Tom swallowed, took a deep breath, and sat down in the sand, nearly impaling himself on his own sword. His body shook, and sweat dribbled into his eyes. He fumbled around with the bottom of the helmet, wondering how to remove it, and finally gave up in disgust. He hoped he wouldn’t have to urinate anytime soon.

 

SANDOVAL looked up from the physiological monitoring equipment and frowned at Tom’s twitching body on the simulator couch. “Maybe we should bring him out. The crow nearly got him. His pulse is dropping back to normal, but we don’t want to overdo it on his first visit.”

“I thought he handled that pretty well,” Magnus said, watching the brain scan and mental image monitors from one of the two control chairs. “He’s lucky that his first monster was a crow. It could have been a lot worse, although the crow certainly isn’t a pushover.”

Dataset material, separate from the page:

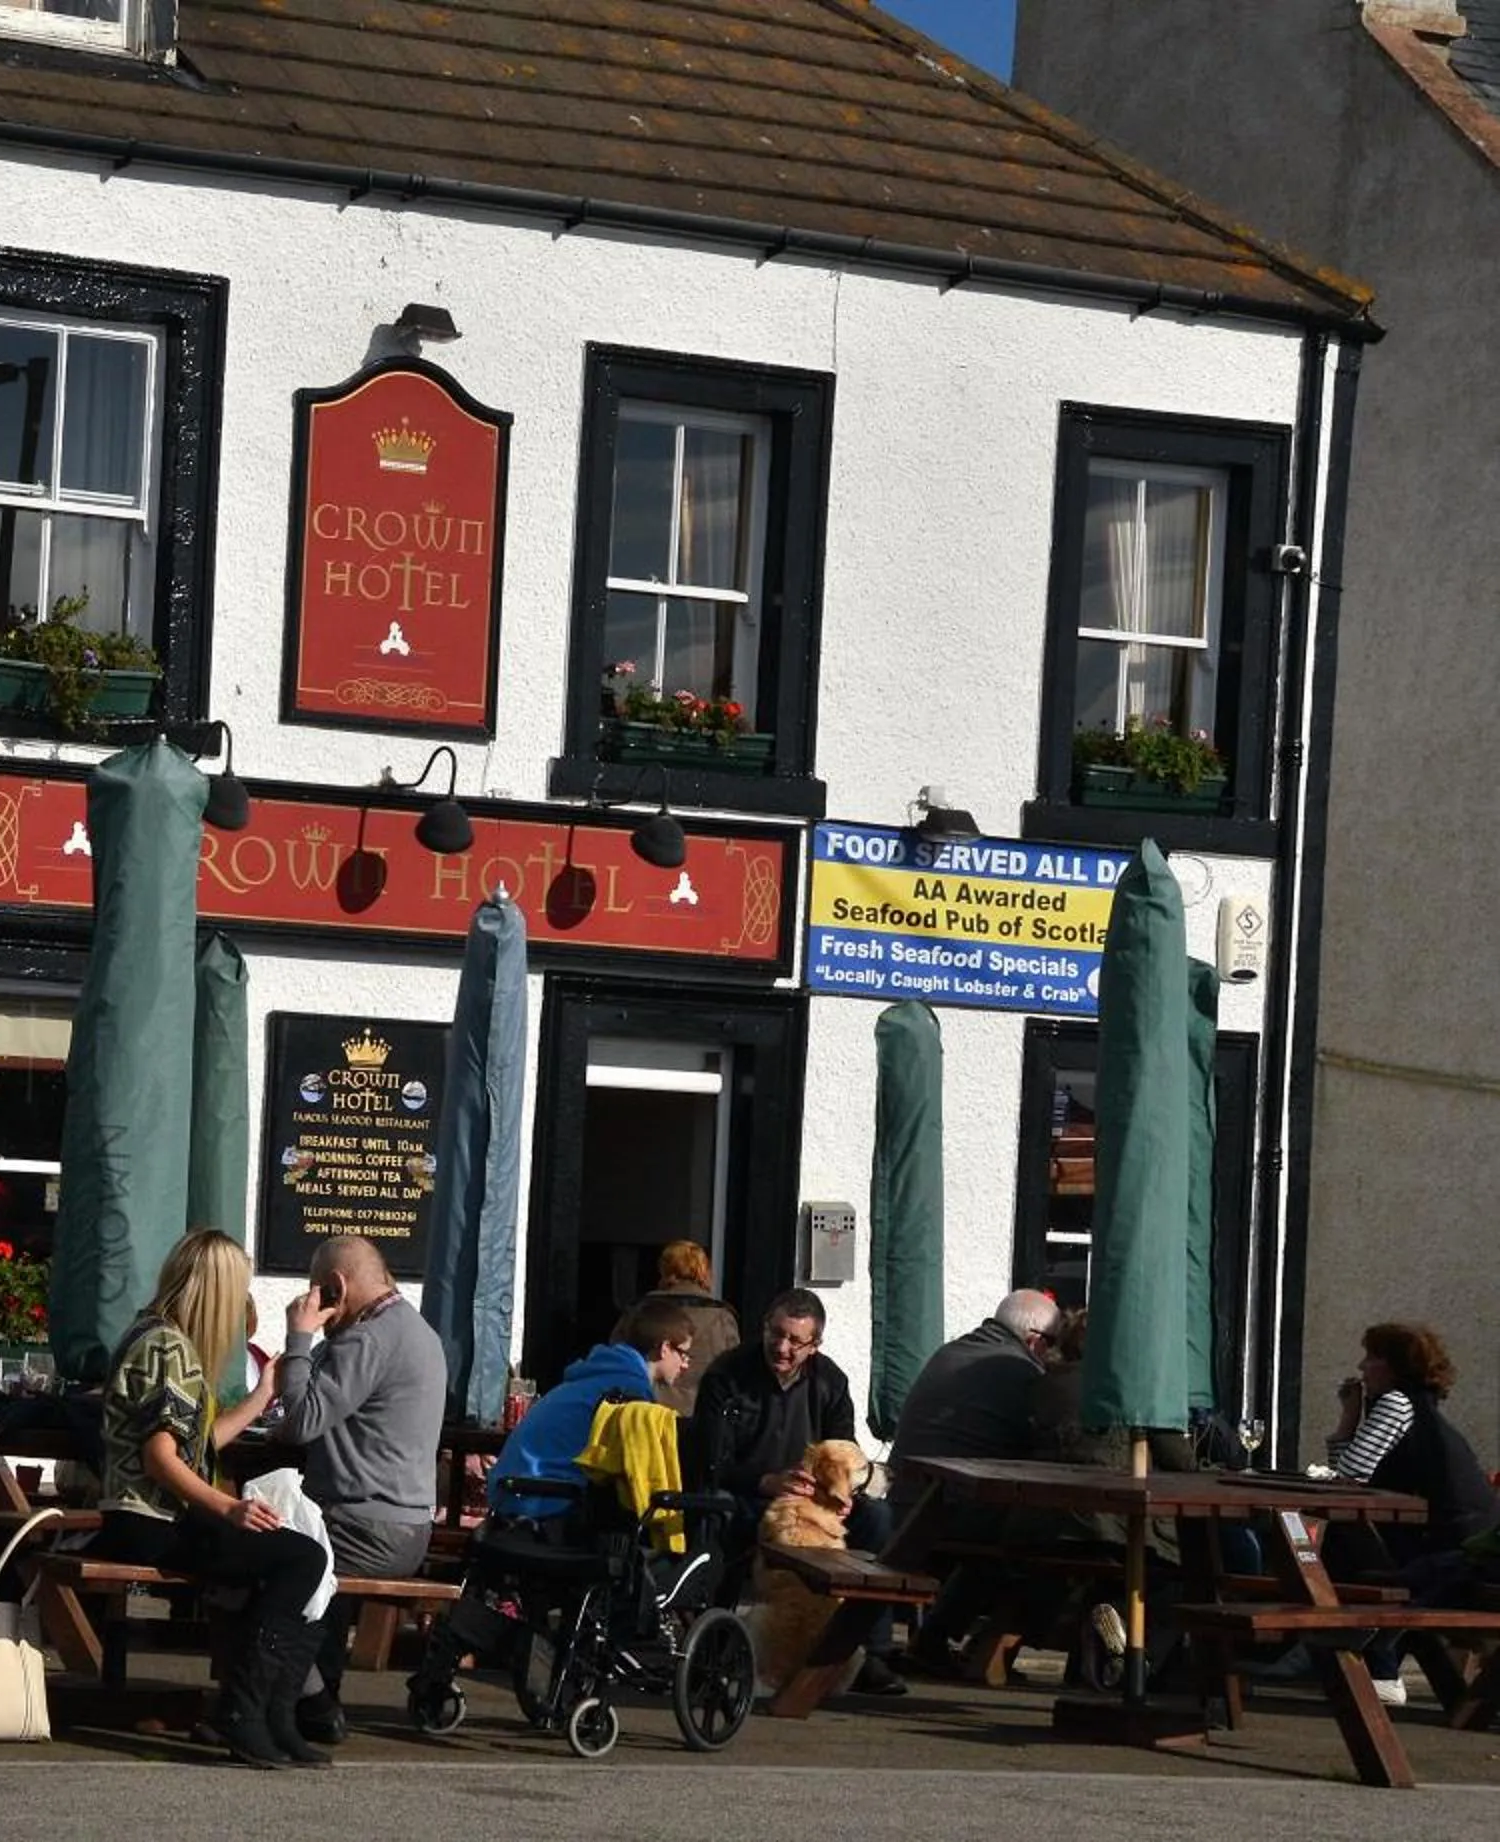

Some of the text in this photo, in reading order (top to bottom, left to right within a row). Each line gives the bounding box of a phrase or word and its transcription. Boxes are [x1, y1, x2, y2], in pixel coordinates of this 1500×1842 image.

Dead Man was lying flat on his back on the floor between some of the equipment. He lifted his head to peer at Magnus with his bulging eyes. “Why are you driving him so hard, Magnus? He needs to gain more experience in Stronghold before you push him to higher levels.”

Magnus sighed, then turned to look at Dead Man. “The boy has talent, don’t you see that? We haven’t got the time for a casual training period like the rest of us had. The siliboys have already run their forecasts, and they know Tom is a threat to their existence, although they may not know why. They want him dead. Telemachus has his agents out hunting for Tom right now. The real danger for us is that Tom will slide into despair, but I won’t allow that. Tom is too exhausted and too busy to think about the loss of his family, so if we can get him past this rough spot in his life, time will heal the wounds that we can’t reach. He’s already making excellent progress.”

Sandoval shook his head. “He’s not a machine, Magnus. It takes time to learn the skills you’re trying to teach him.”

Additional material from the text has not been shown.